= Birker Fell =

Birker Fell, also known as Birker Moor, is an upland wilderness area in the western portion of the Lake District National Park, in Cumbria, England. Rather than being formed of one single high peak, the fell is a broad, undulating area, approximately 6 km square, with numerous crags and prominences scattered across its area. The highest point of the fell is at Green Crag (489m, ). The fell is bordered by the Duddon Valley to the south-east, Ulpha Fell to the south-west, Harter Fell to the north-east, and Eskdale to the north-west.

One small hamlet, Birkerthwaite, lies in a shallow valley near the centre of the fell, but other than this the only human habitations are scattered hill farms. A road crosses the fell between Eskdale Green and Ulpha, in the Duddon Valley.

==Landscape==
Apart from Green Crag, other notable high points on the fell include: Crook Crag (469m, ); White How (444m, ); Great Worm Crag (427m, ); Iron Crag (408m, ); Kepple Crag (328m,); Great Crag (323m, ); Rough Crag (319m, ); Water Crag (305m, ); and Brantrake Crags (259m, ). Between these points are a plethora of smaller crags and knolls, separated by shallow valleys and bogs, giving the high fell an uneven and chaotic appearance.

Water plays an important role in defining the character of Birker Fell. Between the crags flow many small streams, known as becks or gills in the local terminology. Many of the becks rise in one of the numerous bogs which occur in the area, the largest of which are White Moss, Sike Moss, Tewitt Moss and Foxbield Moss. At the western edge of the fell lies Devoke Water, which claims the title of largest tarn in the Lake District. It lies at an altitude of 235 m (770 ft) and is approximately 1 km long (east-west) and 0.4 km wide. The southern border between Birker Fell and Ulpha Fell traces a line between Devoke Water and the valley of Crosby Gill, a large stream that drops down the southern flanks of the fell to the village of Ulpha in the Duddon Valley. The northern edge of the fell is marked by a steep range of crags which drop sharply to the floor of Eskdale. These crags are cut by the cascades of Stanley Force and Birker Force, two of the most spectacular waterfalls in the Lake District.

==Geology==
Geologically, Birker Fell is of importance as the type locality of the Birker Fell Formation (BFF) of the Borrowdale Volcanic Group (BVG). The BFF forms the lowest, and hence oldest, portion of this famous sequence of andesite and dacite volcanic rocks. The Birker Fell Andesite occurs throughout much of the western Lake District. The BVG are thought to have formed in the early Ordovician by island arc volcanic activity, due to subduction during the closing of the Iapetus Ocean.

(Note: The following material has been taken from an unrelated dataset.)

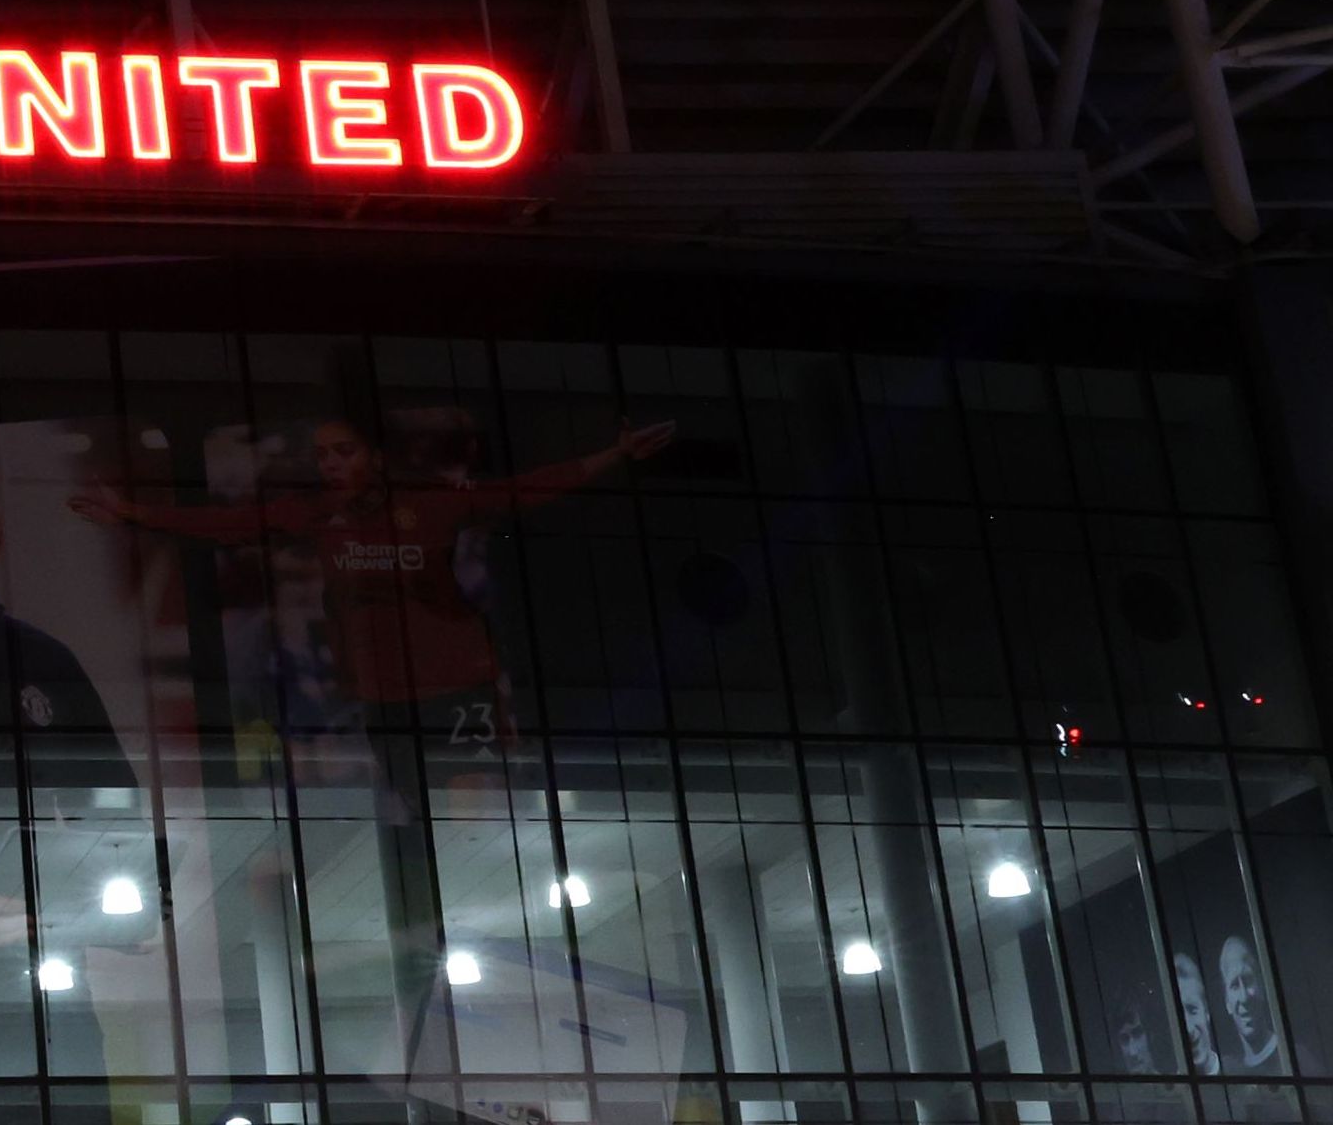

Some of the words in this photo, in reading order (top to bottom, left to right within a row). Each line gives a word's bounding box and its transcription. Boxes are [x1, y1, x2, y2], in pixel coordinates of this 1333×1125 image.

The central and northern areas of Birker Fell are dominated by composite andesite lava flows. Within the andesitic lava flows, the Great Whinscale Dacite lava flow and the associated, underlying Little Stand Tuff form a marker band that runs northeast–southwest across the fell, but are best seen at Silver How and Great Whinscale. A small area of basaltic material occurs approximately 1 km north of Birkerthwaite, composed of plagioclase- and pyroxene-phyric andesite-basalt lavas (the Birkby Fell Member), and tuff and lapilli-tuffs (the Devoke Water Member). The main outcrop of the Devoke Water Member occurs to the south-west of Devoke Water itself, on Ulpha Fell. The south and south-eastern portion of the fell is composed of a sequence of tuff beds with highly variable composition: from rhyolitic through to basaltic. These overlie the BFF and form the next section of the BVG sequence.

In the north-western corner of Birker Fell, extensive faulting has juxtaposed the BVG rocks against granites of the late Ordovician Eskdale Intrusion.